Wayne State and UNLV collaborate on NSF-funded project to improve task management in real-time systems
The scope and complexity of real-time computation is increasing as safety-critical systems such as autonomous vehicles become more prevalent. A fundamental challenge is enabling the execution of multiple computational tasks upon shared hardware and memory resources, optimizing prioritization of these tasks and minimizing delay.
Researchers from Wayne State University and the University of Nevada Las Vegas are taking on this challenge with a project in which they will develop a novel system design and analysis framework called PARSEC (Parallel and Real-Time Multicore Scheduling for an Efficiently-Used Cache).
Nathan Fisher, professor and interim chair of computer science, and Abusayeed Saifullah, associate professor of computer science, are the principal investigators on behalf of Wayne State, which received $570,016 of a total $1,175,341, four-year National Science Foundation grant. UNLV’s investigators are Corey Tessler and Prashant Modekurthy, both of whom received their doctorates in computer science from Wayne State.

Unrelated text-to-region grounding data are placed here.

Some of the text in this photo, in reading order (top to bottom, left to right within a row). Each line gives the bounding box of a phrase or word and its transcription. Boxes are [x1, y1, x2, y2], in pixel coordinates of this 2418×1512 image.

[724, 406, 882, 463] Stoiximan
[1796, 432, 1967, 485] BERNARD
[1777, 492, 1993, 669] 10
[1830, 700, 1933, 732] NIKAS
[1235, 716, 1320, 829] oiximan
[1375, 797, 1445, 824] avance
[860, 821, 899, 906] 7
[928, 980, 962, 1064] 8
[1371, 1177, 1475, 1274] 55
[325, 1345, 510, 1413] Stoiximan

“Safety-critical computing systems, such as autonomous driving or avionic control, have strict timing requirements; for instance, they have to process sensor data in time to detect a collision with another vehicle,” said Fisher. “However, most computing hardware has difficult-to-predict components such as cache memory that make it incredibly hard to guarantee that such timing requirements are met. PARSEC takes direct aim at this challenge by increasing the predictability of safety-critical software systems executing upon hardware with cache memory.”

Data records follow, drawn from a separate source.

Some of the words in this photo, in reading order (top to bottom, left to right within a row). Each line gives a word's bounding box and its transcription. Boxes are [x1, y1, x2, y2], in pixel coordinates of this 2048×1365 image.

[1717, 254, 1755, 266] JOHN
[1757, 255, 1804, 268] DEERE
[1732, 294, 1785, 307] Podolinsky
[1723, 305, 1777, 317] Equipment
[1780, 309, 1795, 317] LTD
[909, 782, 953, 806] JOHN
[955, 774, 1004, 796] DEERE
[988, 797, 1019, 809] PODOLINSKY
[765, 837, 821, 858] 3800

PARSEC will have the capability to explicitly manage how contending tasks share memory resources and verify that timing requirements are met. The framework will have open-source availability to facilitate wide public distribution.
This project is intended to produce safer, more efficient designs of time-sensitive systems, particularly those operating on shared processors and memory. There is potential as well to reduce demands on power and fuel in safety-critical systems, resulting in a positive environmental effect.
The award numbers for this NSF grant are 2211640, 2211641 and 2211642.